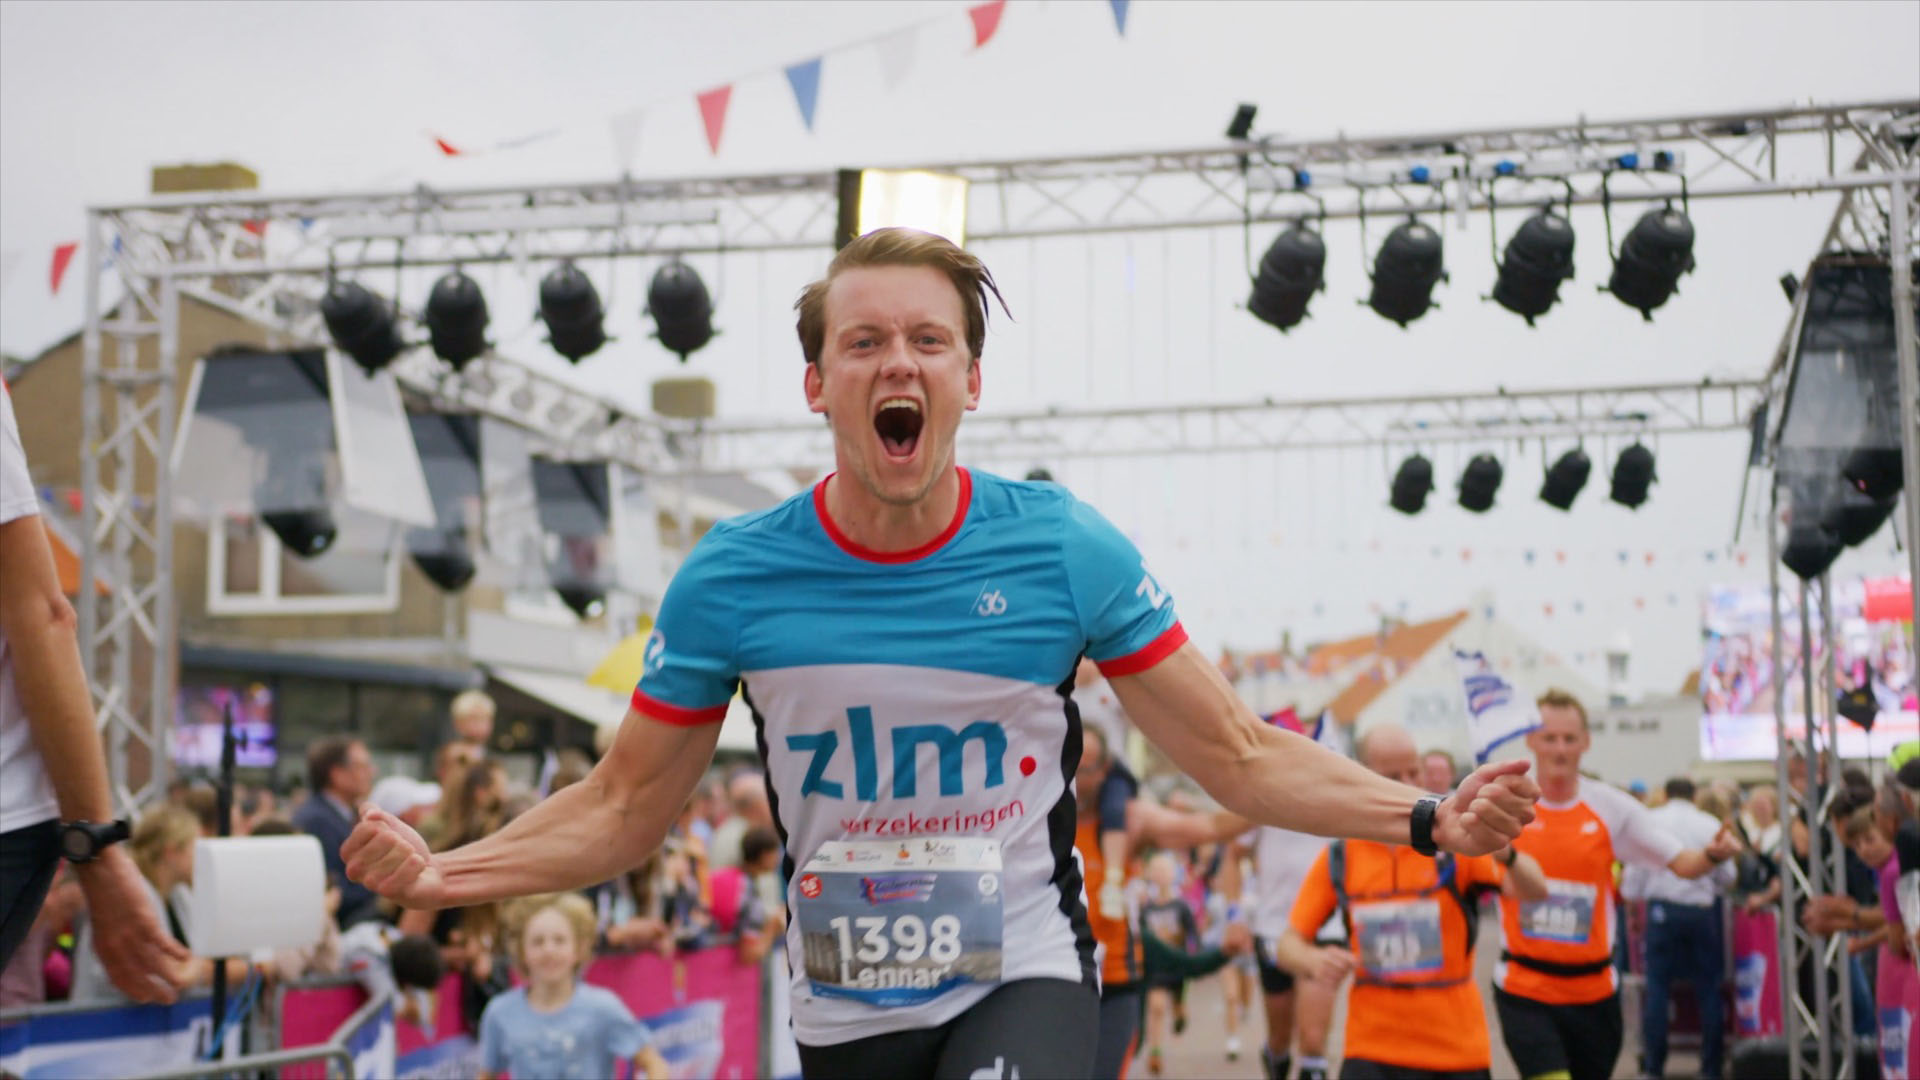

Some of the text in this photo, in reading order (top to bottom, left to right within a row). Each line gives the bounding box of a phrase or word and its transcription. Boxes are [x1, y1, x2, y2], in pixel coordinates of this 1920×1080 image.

[840, 800, 1025, 834] verzekeringen
[830, 914, 963, 964] 1398
[840, 962, 951, 990] Lennar
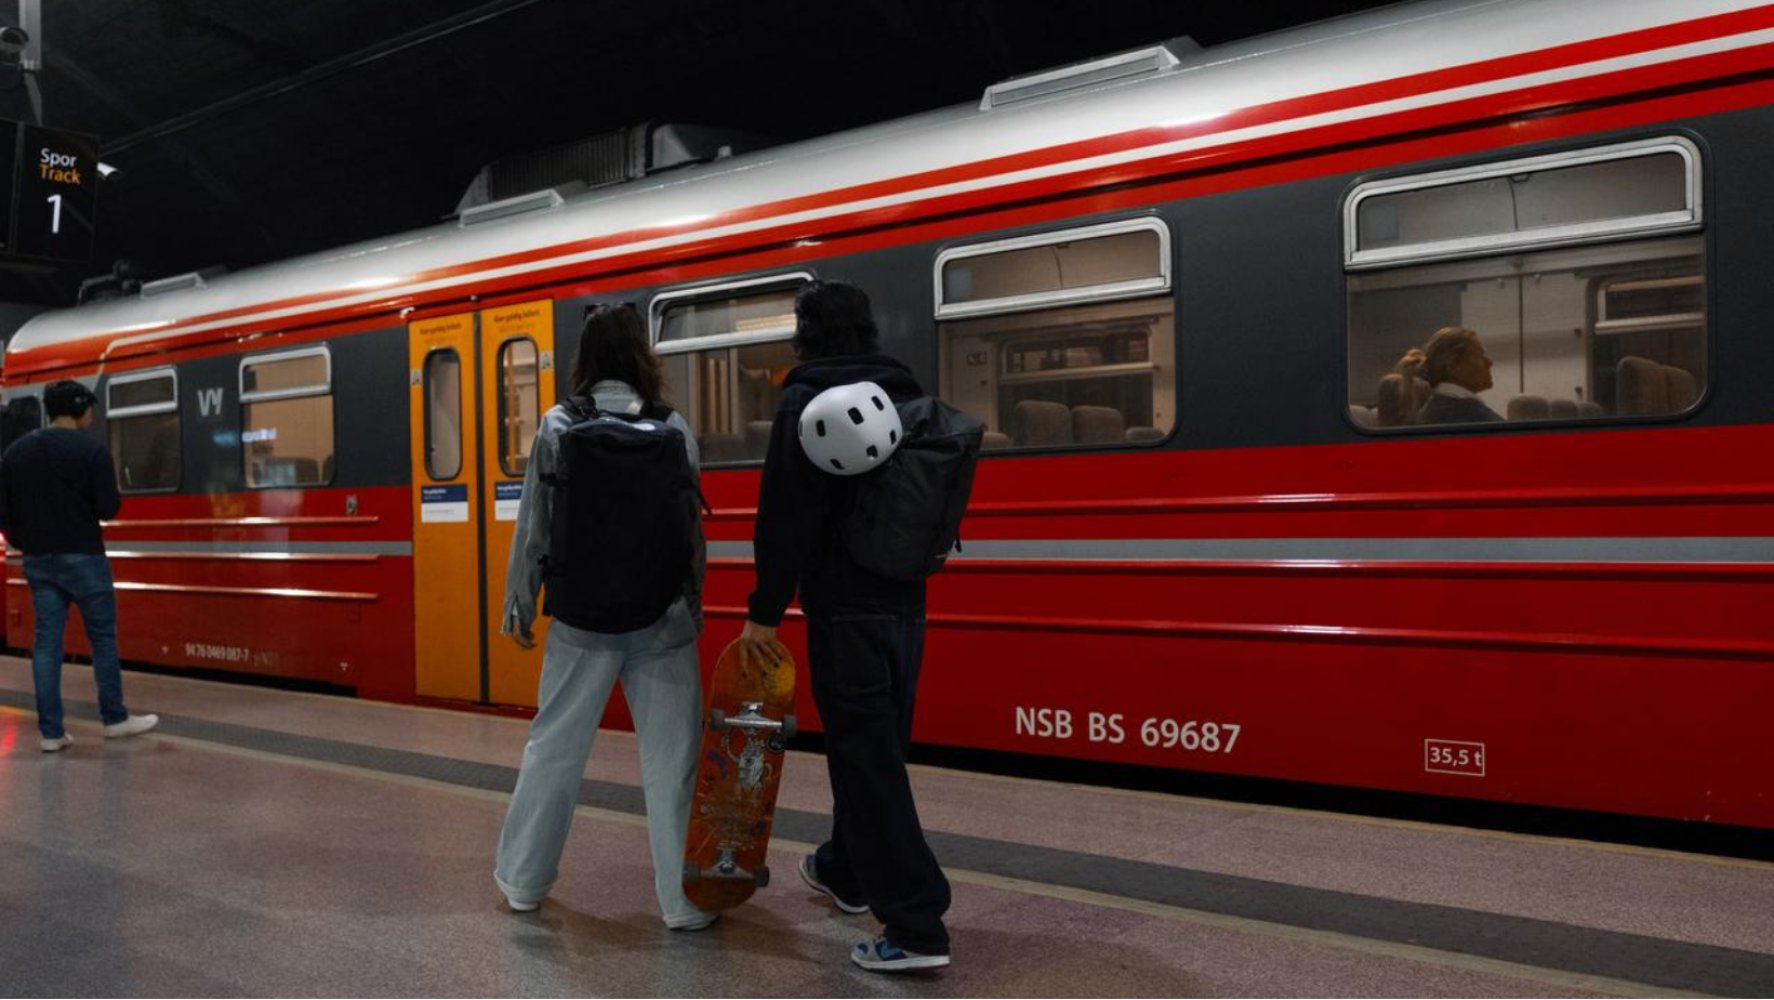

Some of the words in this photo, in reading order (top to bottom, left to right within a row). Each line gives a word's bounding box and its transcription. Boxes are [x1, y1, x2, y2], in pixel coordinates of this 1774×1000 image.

[40, 147, 77, 167] Spor
[39, 164, 81, 185] Track
[47, 194, 62, 235] 1
[1015, 705, 1073, 738] NSB
[1088, 711, 1126, 744] BS
[1140, 717, 1241, 754] 69687
[1429, 746, 1469, 767] 35,5
[1474, 751, 1483, 767] t

- _The task_: The whole listing should be restated word for word, with no pictures.

- _Output of the exercise_:
Some of the text in this photo, in reading order (top to bottom, left to right within a row). Each line gives the bounding box of a phrase or word and its transcription. Boxes are [x1, y1, x2, y2], in pixel coordinates of this 1920×1080 image.

[840, 800, 1025, 834] verzekeringen
[830, 914, 963, 964] 1398
[840, 962, 951, 990] Lennar

Some of the words in this photo, in reading order (top to bottom, left to right within a row). Each line gives a word's bounding box and its transcription. Boxes are [x1, y1, x2, y2], in pixel coordinates of this 1774×1000 image.

[40, 147, 77, 167] Spor
[39, 164, 81, 185] Track
[47, 194, 62, 235] 1
[1015, 705, 1073, 738] NSB
[1088, 711, 1126, 744] BS
[1140, 717, 1241, 754] 69687
[1429, 746, 1469, 767] 35,5
[1474, 751, 1483, 767] t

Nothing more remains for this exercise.